Items from a data source

______

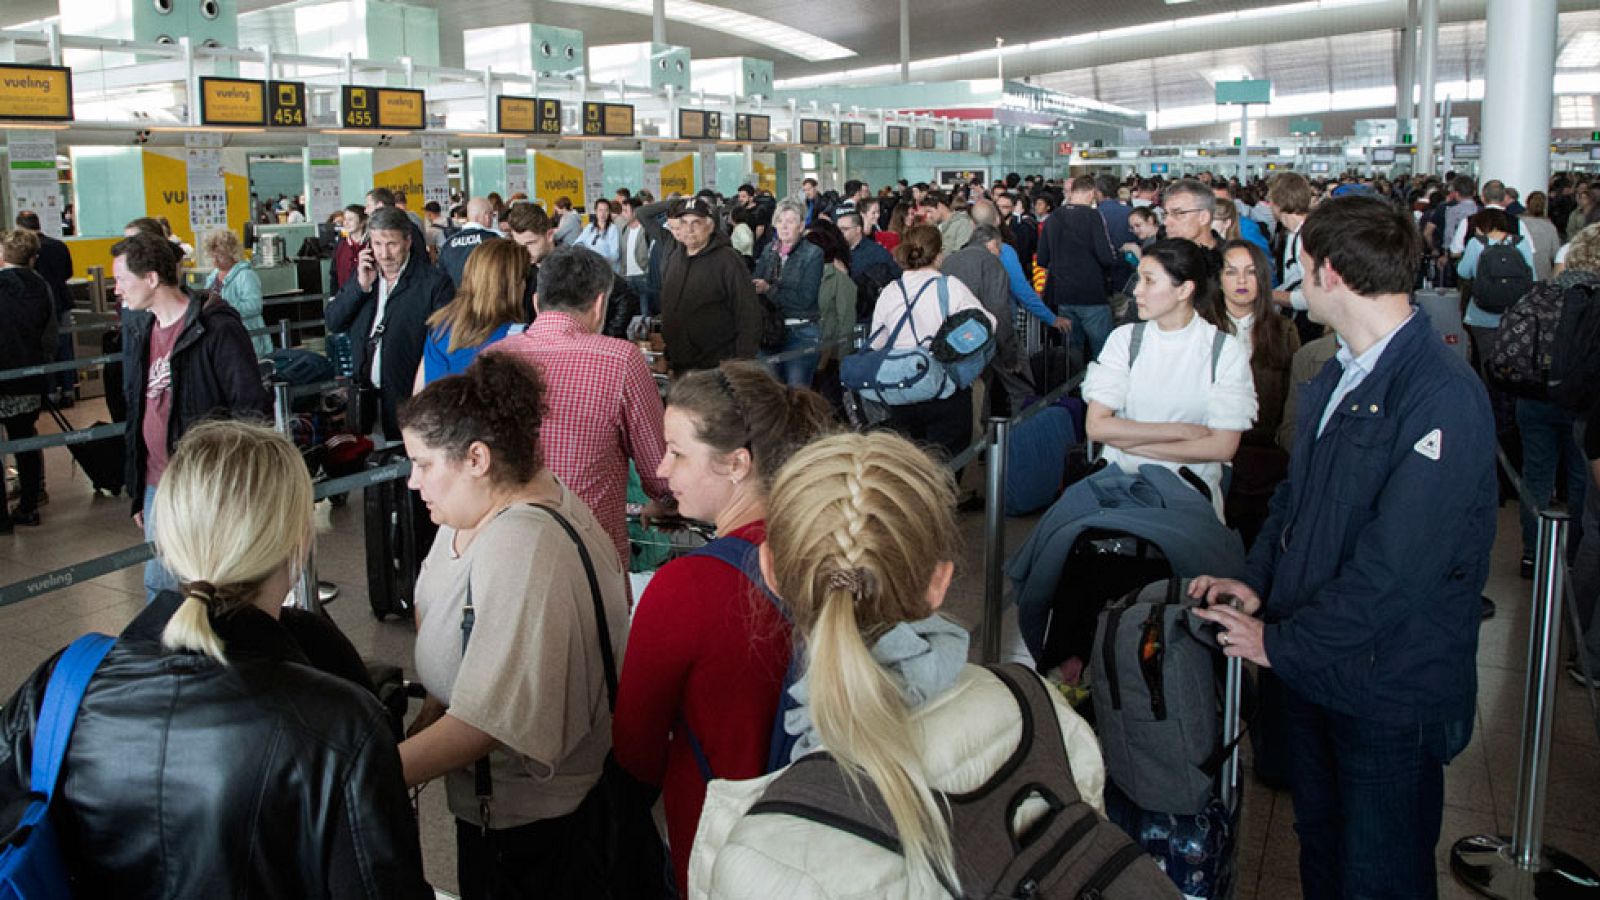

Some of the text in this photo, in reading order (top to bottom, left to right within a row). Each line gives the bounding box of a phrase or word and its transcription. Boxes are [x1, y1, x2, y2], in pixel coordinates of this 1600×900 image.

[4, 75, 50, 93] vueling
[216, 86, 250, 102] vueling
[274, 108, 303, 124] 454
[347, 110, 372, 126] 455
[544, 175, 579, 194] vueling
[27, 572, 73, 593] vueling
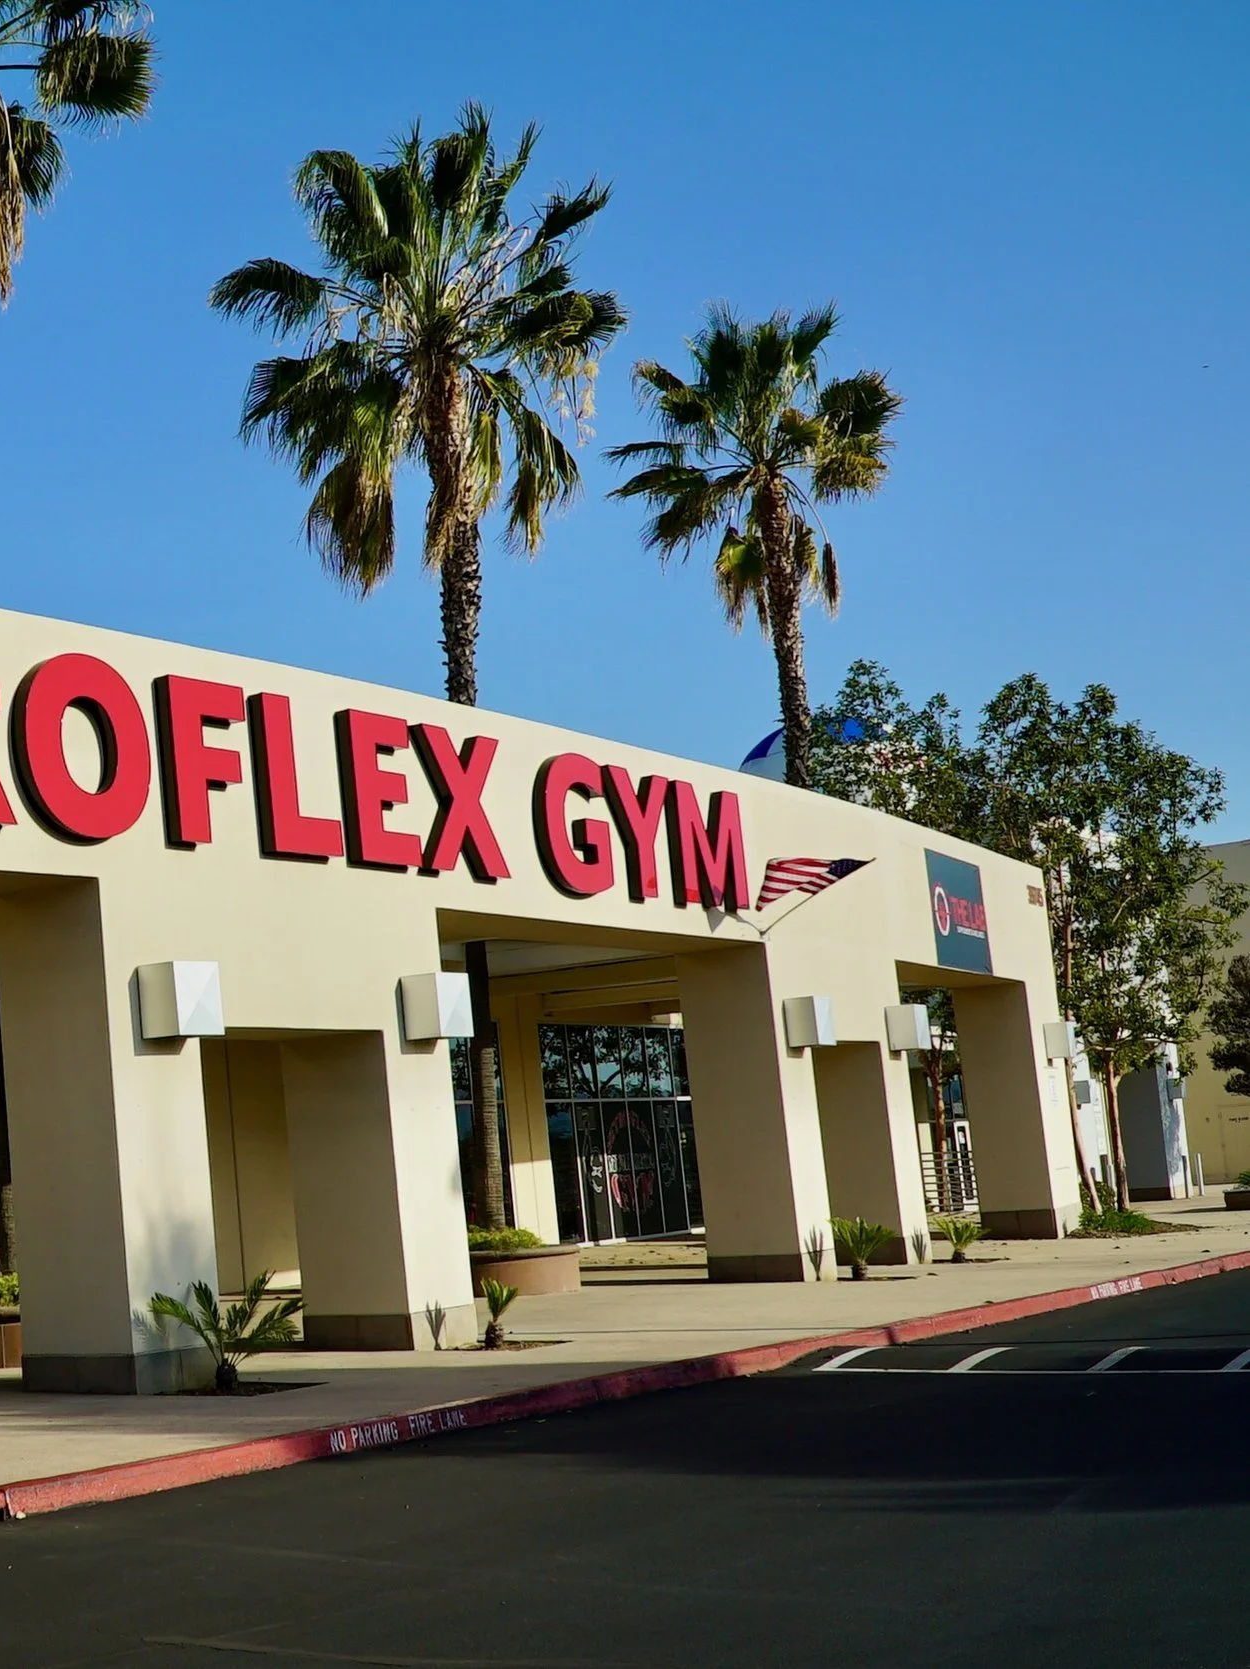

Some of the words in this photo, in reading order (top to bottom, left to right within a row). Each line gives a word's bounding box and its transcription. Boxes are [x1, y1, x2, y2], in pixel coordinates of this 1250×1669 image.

______

The answer is the complete set of records, copied exactly, with pictures omitted.

• FINISHED EXERCISE
Some of the text in this photo, in reading order (top to bottom, left to right within a row). Each line gives the bounding box of a phrase or word and its transcription. Boxes are [x1, y1, x2, y2], in pixel coordinates of this 1600×900 image.

[4, 75, 50, 93] vueling
[216, 86, 250, 102] vueling
[274, 108, 303, 124] 454
[347, 110, 372, 126] 455
[544, 175, 579, 194] vueling
[27, 572, 73, 593] vueling

Some of the words in this photo, in reading order (top to bottom, left to right within a row). Each line gives a word's bounding box and its transcription. Boxes are [x1, y1, x2, y2], in pixel coordinates of this 1250×1669 image.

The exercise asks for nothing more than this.